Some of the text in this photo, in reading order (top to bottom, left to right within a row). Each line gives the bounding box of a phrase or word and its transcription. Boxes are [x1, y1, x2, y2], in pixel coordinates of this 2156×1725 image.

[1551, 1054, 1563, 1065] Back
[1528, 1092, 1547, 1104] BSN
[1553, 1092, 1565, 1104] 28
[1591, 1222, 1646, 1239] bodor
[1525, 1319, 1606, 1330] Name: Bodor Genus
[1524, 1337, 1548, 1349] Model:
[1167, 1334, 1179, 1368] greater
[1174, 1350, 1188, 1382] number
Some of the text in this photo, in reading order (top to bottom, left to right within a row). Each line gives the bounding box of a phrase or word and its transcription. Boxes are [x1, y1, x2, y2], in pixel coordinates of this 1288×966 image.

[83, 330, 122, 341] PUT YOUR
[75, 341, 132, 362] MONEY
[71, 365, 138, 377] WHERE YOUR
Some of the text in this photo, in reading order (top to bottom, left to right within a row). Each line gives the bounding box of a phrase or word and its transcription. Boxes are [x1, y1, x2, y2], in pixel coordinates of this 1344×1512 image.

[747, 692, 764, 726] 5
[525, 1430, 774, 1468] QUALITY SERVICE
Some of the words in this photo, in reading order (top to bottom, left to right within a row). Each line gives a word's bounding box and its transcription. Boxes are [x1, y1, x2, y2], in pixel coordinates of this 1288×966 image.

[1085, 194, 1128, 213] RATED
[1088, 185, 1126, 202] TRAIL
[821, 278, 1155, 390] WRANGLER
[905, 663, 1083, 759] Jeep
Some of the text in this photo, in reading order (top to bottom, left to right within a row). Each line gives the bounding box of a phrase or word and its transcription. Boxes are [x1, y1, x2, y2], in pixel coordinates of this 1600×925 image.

---

Work required: Each entry should be written out again exactly, with no word left out.

Solution to the exercise:
Some of the text in this photo, in reading order (top to bottom, left to right within a row). Each line gives the bounding box of a phrase or word and its transcription. Boxes are [x1, y1, x2, y2], in pixel coordinates of this 2156×1725 image.

[1551, 1054, 1563, 1065] Back
[1528, 1092, 1547, 1104] BSN
[1553, 1092, 1565, 1104] 28
[1591, 1222, 1646, 1239] bodor
[1525, 1319, 1606, 1330] Name: Bodor Genus
[1524, 1337, 1548, 1349] Model:
[1167, 1334, 1179, 1368] greater
[1174, 1350, 1188, 1382] number
Some of the text in this photo, in reading order (top to bottom, left to right within a row). Each line gives the bounding box of a phrase or word and its transcription. Boxes are [x1, y1, x2, y2], in pixel coordinates of this 1288×966 image.

[83, 330, 122, 341] PUT YOUR
[75, 341, 132, 362] MONEY
[71, 365, 138, 377] WHERE YOUR
Some of the text in this photo, in reading order (top to bottom, left to right within a row). Each line gives the bounding box of a phrase or word and its transcription. Boxes are [x1, y1, x2, y2], in pixel coordinates of this 1344×1512 image.

[747, 692, 764, 726] 5
[525, 1430, 774, 1468] QUALITY SERVICE
Some of the words in this photo, in reading order (top to bottom, left to right within a row). Each line gives a word's bounding box and its transcription. Boxes are [x1, y1, x2, y2], in pixel coordinates of this 1288×966 image.

[1085, 194, 1128, 213] RATED
[1088, 185, 1126, 202] TRAIL
[821, 278, 1155, 390] WRANGLER
[905, 663, 1083, 759] Jeep
Some of the text in this photo, in reading order (top to bottom, left to right within a row). Each line gives the bounding box of a phrase or word and its transcription. Boxes are [x1, y1, x2, y2], in pixel coordinates of this 1600×925 image.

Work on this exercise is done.